Not luck

There is a recurrent angst I feel every time I think I could be working daily in a decent programming language. Usually the management people believe the choice of programming language is irrelevant, but we developers know better. Languages shape our thoughts.

Today I found an interesting post about getting work using non-mainstream languages.

Well, unlike Java jobs or C# jobs or VB jobs, where one can scan the newspaper or go to dice.com, these magical jobs are not the ones I get when recruiters solicit me (three times a day). No, they appear between the cracks of the sky when it rends in two. All but one contract (that did come from dice.com) came from the company CEO pulling me aside or phoning me out of the blue from the materials I had published inside the company where I was employed, or from my web-sites on programming languages.

This basically means you must be a reference. You must blog a lot or, better yet, write even a book. When your name is said in a company meeting, somebody of the team must already have heard of you. Needless to say, this is not easy at all.

Usually and because of the exclusivity of the work it takes anywhere from at least 3 months to 2 years to secure these kinds of contracts, so the adage “Don’t quit your day job” is an appropriate one here. When I do get these contracts, however, they usually last longer (3 years) than the Java/C++/XML/web-services-code-grinder ones (that usually last around 6 months), and the peer group is much more intelligent, genteel and just plain more interesting than the code-grinding crowd. Is is harder to find these magical contracts? Yes, they are rarified air. But are they worth preparing for and then finding? Definitely.

Here we see that even after all this work, it is still very hard to find these dream jobs. You can wait as long as two years to get one, simply because in most companies the management employ Java/C#/VB drones anyway, as they are cheaper and easier to find. Only when they face really hard problems they start thinking of alternatives.

This post only reinforces what was already in the back of my mind for a while: The least hard way to earn money and be happy at the same time is to start an own business. Now if I could only move my lazy ass…

One Comment

  1. geophf:

    Thanks for your analysis of my entry. I concur.

    You also wrote: “This post only reinforces what was already in the back of my mind for a while: The least hard way to earn money and be happy at the same time is to start an own business.” I would caution you from my experience: I didn’t start my business until after I had a customer with a check waiting for a TIN. On top of that, having a business in functional/logic programming very, very rarely attracts interested customers. So one must, at times, resort to helping them over and above what they request. For example, I had to manage the entire life-cycle of a project from requirements to maintenance, including invoicing and payments, in order to write a system that they needed in my LoCh (Language of Choice). And as you note, having published works and testimonials opens pathways from interested customers to you, as it has for me.

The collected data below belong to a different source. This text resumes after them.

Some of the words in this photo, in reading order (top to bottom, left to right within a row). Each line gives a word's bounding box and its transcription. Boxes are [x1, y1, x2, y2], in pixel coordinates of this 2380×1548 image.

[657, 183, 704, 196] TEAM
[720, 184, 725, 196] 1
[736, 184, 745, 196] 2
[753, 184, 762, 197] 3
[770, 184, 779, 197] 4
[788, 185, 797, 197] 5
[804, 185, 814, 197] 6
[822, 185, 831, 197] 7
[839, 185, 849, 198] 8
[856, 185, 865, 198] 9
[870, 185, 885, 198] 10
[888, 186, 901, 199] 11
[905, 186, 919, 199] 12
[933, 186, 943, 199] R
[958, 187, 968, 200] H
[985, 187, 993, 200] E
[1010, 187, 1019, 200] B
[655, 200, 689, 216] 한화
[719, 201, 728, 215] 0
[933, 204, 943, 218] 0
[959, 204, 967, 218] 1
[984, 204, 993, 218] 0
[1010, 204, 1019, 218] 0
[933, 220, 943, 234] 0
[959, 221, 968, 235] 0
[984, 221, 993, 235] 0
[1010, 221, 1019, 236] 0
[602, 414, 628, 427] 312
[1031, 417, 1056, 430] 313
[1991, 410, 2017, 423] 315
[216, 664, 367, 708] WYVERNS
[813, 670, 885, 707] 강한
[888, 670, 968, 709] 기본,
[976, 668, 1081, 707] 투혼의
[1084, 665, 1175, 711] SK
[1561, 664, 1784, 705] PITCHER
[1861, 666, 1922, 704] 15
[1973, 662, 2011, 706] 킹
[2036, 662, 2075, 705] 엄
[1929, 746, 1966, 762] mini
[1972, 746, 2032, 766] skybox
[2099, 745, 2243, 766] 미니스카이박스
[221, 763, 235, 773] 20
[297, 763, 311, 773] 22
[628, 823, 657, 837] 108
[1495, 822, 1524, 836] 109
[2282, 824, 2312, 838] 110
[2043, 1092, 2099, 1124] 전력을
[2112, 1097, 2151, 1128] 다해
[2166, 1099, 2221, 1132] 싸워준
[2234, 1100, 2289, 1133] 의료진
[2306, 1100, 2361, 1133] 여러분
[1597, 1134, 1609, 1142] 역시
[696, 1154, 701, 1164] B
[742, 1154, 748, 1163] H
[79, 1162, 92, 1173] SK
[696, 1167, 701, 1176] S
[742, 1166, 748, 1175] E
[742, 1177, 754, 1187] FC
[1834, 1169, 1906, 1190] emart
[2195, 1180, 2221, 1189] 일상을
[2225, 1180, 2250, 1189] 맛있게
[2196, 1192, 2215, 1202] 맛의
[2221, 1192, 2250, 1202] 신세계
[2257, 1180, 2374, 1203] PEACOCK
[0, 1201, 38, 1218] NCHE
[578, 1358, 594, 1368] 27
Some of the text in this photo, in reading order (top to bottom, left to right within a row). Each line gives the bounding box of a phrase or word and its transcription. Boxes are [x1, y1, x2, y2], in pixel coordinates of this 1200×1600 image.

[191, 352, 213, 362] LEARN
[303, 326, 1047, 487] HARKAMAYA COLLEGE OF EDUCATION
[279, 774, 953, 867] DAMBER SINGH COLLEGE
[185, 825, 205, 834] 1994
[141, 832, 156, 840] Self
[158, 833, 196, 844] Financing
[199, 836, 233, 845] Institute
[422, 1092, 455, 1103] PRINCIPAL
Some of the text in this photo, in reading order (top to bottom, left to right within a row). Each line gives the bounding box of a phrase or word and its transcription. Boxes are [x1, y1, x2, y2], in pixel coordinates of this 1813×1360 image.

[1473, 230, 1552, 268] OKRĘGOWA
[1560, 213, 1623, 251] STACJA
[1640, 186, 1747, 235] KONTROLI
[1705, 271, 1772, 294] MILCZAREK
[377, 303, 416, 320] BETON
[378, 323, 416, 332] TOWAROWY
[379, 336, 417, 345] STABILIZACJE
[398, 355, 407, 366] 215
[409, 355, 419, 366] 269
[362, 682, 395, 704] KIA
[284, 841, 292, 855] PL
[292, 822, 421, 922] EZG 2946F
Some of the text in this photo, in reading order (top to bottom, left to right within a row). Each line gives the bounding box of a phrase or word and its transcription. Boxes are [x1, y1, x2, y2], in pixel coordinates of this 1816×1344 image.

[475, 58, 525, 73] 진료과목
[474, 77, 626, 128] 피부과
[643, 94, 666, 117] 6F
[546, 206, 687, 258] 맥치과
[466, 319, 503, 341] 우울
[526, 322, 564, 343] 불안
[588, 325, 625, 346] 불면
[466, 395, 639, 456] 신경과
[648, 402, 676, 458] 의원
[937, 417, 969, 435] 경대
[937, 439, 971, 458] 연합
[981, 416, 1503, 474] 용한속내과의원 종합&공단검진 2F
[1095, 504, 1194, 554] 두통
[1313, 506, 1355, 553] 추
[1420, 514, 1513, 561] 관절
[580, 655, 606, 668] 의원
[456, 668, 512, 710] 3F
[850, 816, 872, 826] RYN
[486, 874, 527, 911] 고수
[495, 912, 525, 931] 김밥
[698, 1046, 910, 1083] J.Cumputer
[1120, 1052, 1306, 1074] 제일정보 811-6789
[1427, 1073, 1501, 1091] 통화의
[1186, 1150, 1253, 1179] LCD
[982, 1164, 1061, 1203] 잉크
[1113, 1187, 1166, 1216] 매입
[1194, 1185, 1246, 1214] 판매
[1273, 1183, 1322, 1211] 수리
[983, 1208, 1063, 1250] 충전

    On the other hand, I have been to the PADL/POPL/FLoC symposia, and there is quite an interest in academe in your part of the world in functional and logic programming. Enough interest to send large contingents of presenters and participants to another continent. “Interest” does not automate the business process, not at all, but where there is interest, it may be a bit easier to put forward the right business case if you listening to the right decision maker with the kind of problems you like to solve.